電話を終えてスマホをギルドに備え付けられている急速充電器に設置させてもらうと、今度はムーンラビットさんが古い映画とかでしか見たことがない黒電話の受話器をとって電話を始めた。
電話回線に関しては世界間を通す際に少し不安定になるらしく、余裕がある状況ならスマホや黒電話で違ったとしても1人づつにしてくださいって……ケイティお姉さんから言われたのだ。
ネットの光ケーブルや電力周りはほぼ減衰無く引けるらしいのに不思議だよね、電話の原理も電気信号や音声データのやり取りなのに、それだけが影響受ける原理は一体何なんだろう。

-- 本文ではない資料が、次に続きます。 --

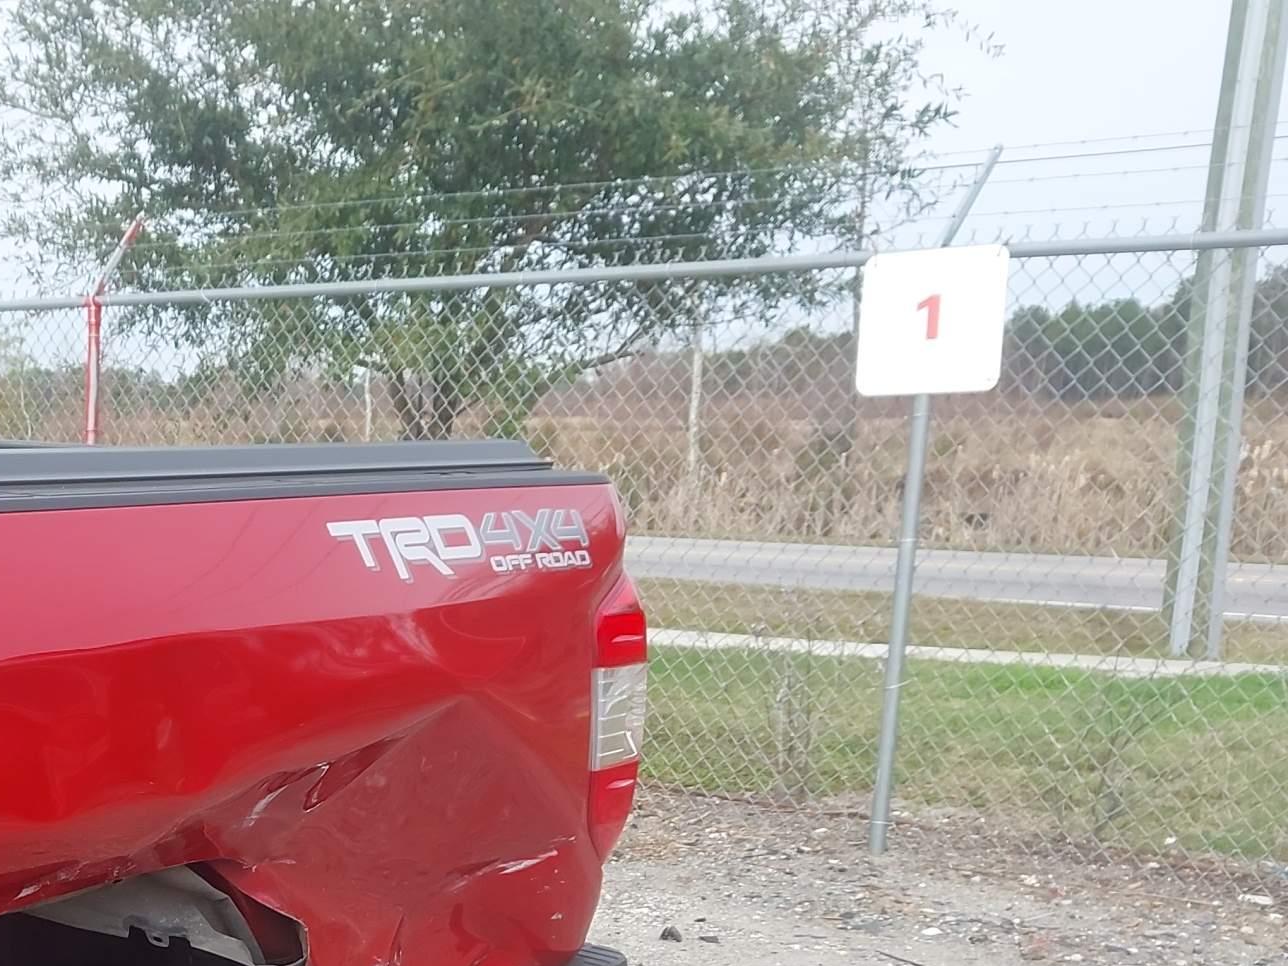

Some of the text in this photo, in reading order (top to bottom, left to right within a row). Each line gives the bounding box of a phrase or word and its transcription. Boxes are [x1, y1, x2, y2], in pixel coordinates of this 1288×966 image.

[916, 294, 941, 340] 1
[326, 514, 485, 583] TRD
[490, 550, 593, 573] OFF ROAD

「しかし通信魔法でなくても音を届けられる原理は一体どういうことなんだ……」
「んーイネちゃんも詳細はわからないかな、ほら、この手の技術って原理がわからなくても便利だから使えるっていう技術は比較的多いし」
「そういうものか……?」
「そういうものそういうもの、包丁とかで食材を切る時もなんで切れるのかとか考えたりしないでしょ」
刃物自身の重さと重力と切断するものとの摩擦で切る。なんて普通なら考えないもんね、あっちの世界でイネちゃんが暮らしていた国の刃物技術だと更に細胞や繊維を綺麗に引き裂くようにとかも混ざってくるしね、包丁も押すように切るものと引く時に切るものでまた違うんだから、技術は基本わからないと思うよね。
「いや、刃物なんだから……」
「あー違う違う。刃物がどうして物を切ることができるのかってほう。最初から包丁じゃなくて刃物ってすればよかったかな」
「……確かにそういうものだって思って深く考えたことはなかったな」
「うん、そこがわからなくても道具は使える。でも説明に関しては基本的に……」
「できないな」
「うん、そういうものなんだよ」
ティラーさんは今ので納得できたみたい、よかったよかった。
これ以上突っ込まれたらイネちゃんもどう説明していいのかわからなくなってたから本当よかった。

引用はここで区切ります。